Riverside County Health leaders are some of the first in Southern California to officially make the recommendation. That’s because the county has more than 430 coronavirus cases. Forty of those patients have made a full recovery but 13 people have died.
"Right now our cases are above our modeling which is scary because that’s pretty high already," said Riverside County Health Department Spokesman Jose Arballo. "It is our thought that we need to be bold in our decision-making."
Covering your face and nose should serve not as a false sense of security but an added layer of protection, along with socially or physically distancing and staying at home, except for essentials. As Riverside County leaders now say in: Stay in your place, maintain your space, cover your face.
Leading medical experts urge the public to save medical-grade N95 masks for hospital and essential workers and use a regular mask, bandana, scarf or even a piece of clothing that you can wash regularly.
In the latest press conference held by Governor Newsom, California’s Public Health Director says a mask can limit the transmission of infected respiratory droplets.
"There is some evidence that using face coverings may reduce asymptomatic infections," said Dr. Sonia Angell. "It also may signal to others that you need to keep a little bit of distance."

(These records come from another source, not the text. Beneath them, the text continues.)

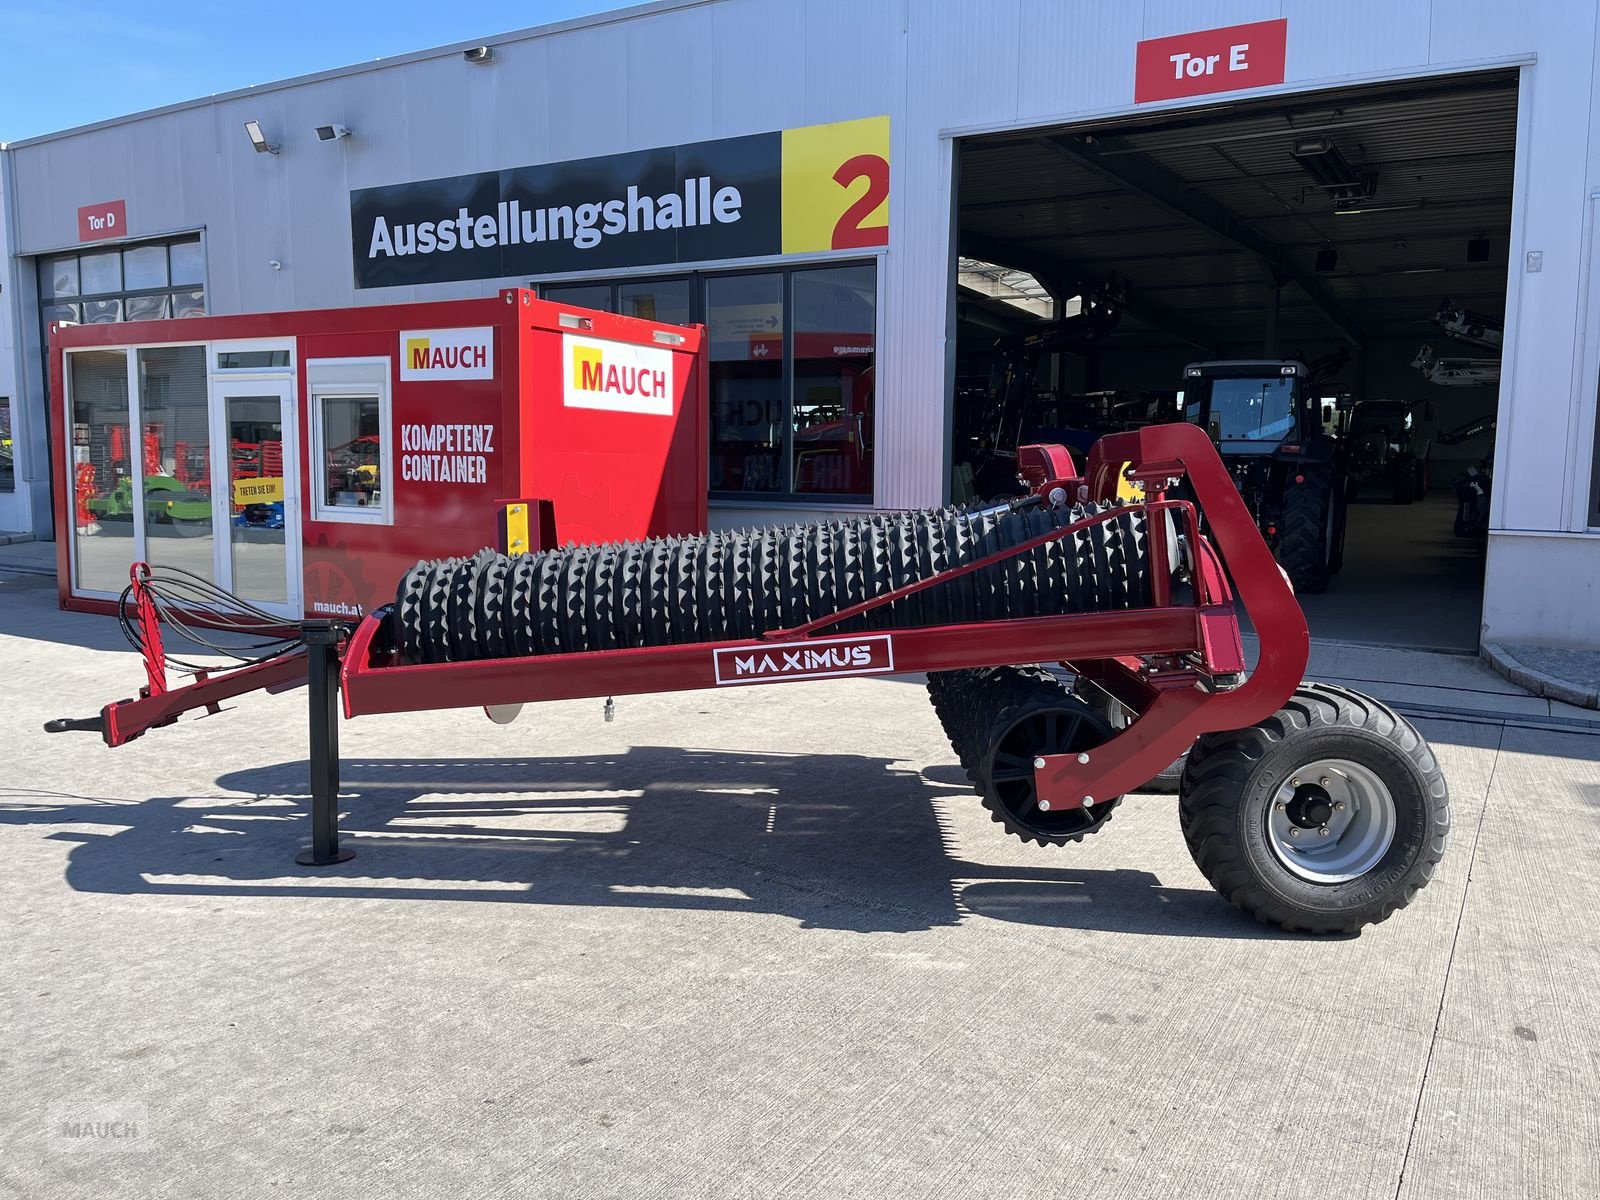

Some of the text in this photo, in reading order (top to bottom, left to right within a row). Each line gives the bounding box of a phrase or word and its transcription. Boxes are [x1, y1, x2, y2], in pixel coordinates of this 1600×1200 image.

[1169, 43, 1249, 79] Tor E
[368, 153, 889, 258] Ausstellungshalle 2
[88, 212, 115, 230] Tor D
[413, 345, 487, 370] MAUCH
[582, 360, 665, 398] MAUCH
[401, 424, 494, 453] KOMPETENZ
[402, 454, 487, 484] CONTAINER
[240, 486, 257, 496] TRETEN
[257, 485, 266, 495] SIE
[314, 601, 363, 616] mauch.at
[735, 645, 871, 675] MAXIMUS
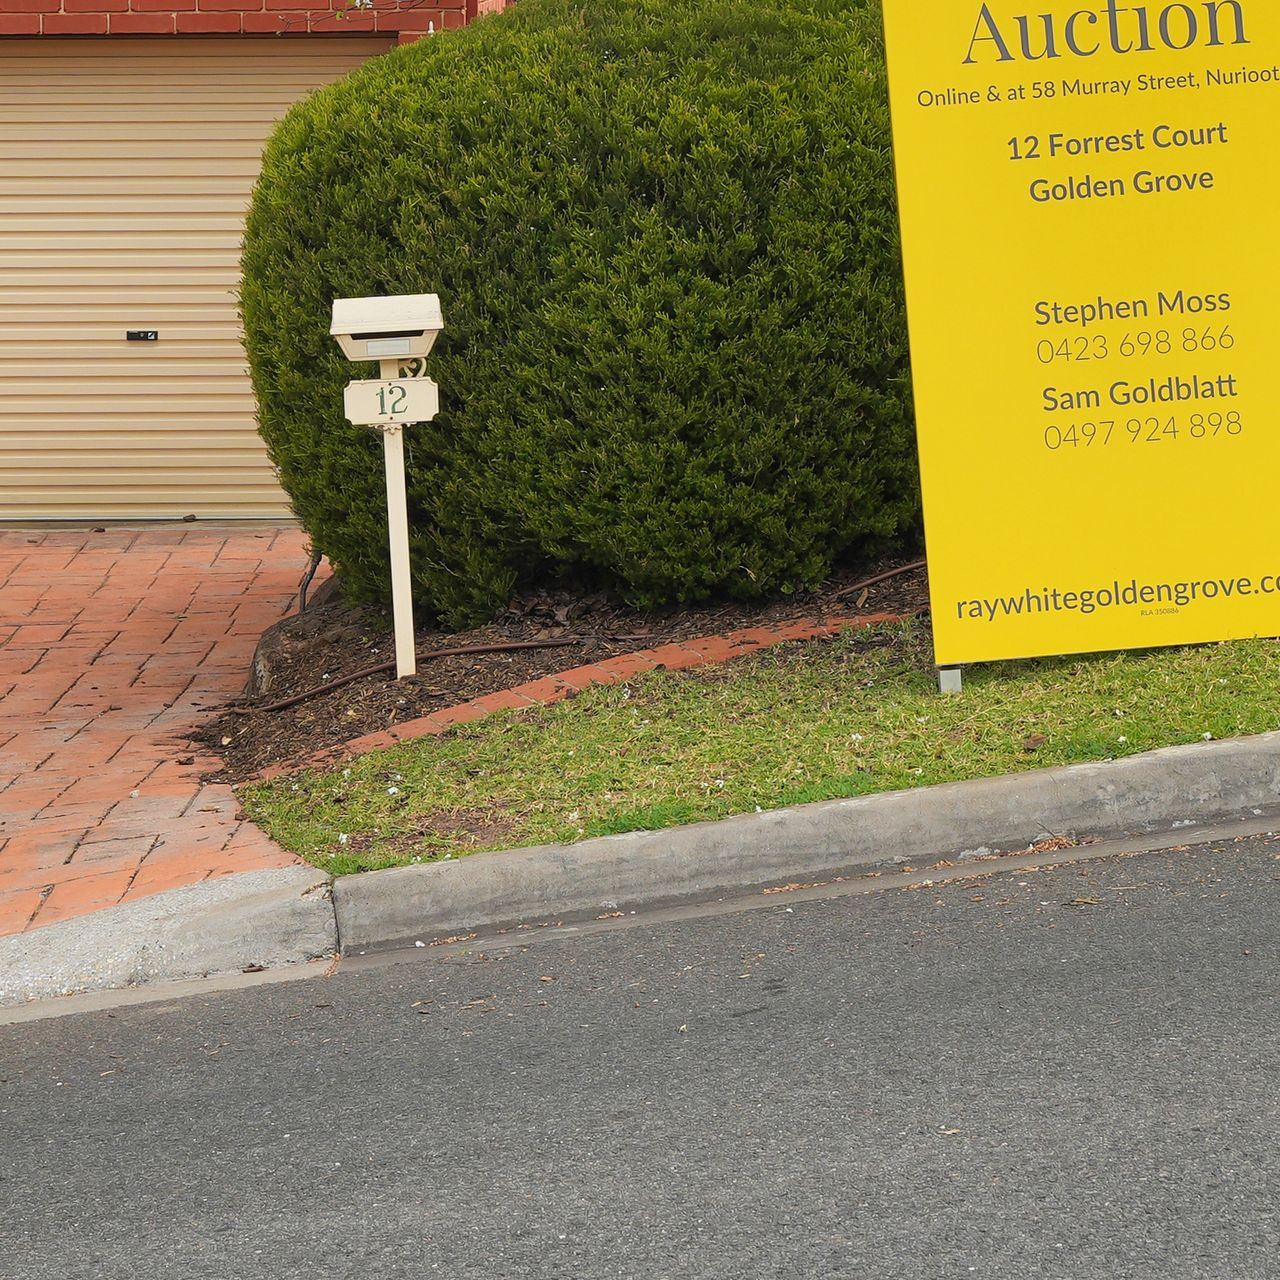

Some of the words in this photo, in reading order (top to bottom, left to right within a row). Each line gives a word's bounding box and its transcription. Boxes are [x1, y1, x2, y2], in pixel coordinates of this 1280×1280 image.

Los Angeles County Public Health experts echoed the recommendation in their latest briefing as a way to help prevent coronavirus.
"It’s just another tool that we can add to our list of tools that are available to help us prevent infecting others and help others from infecting us," says L.A. County Health Director Barbara Ferrer.
L.A. and Riverside County health leaders are expecting new guidelines, including those that relate to face covering, to come down from the Centers for Disease Control and Prevention later this week.
Riverside County just opened its third COVID-19 testing site and has tested a total of more than 5,000 residents so far. To get tested, first make an appointment by calling 1-800-945-6171. County leaders say testing wait times are about 10-15 minutes.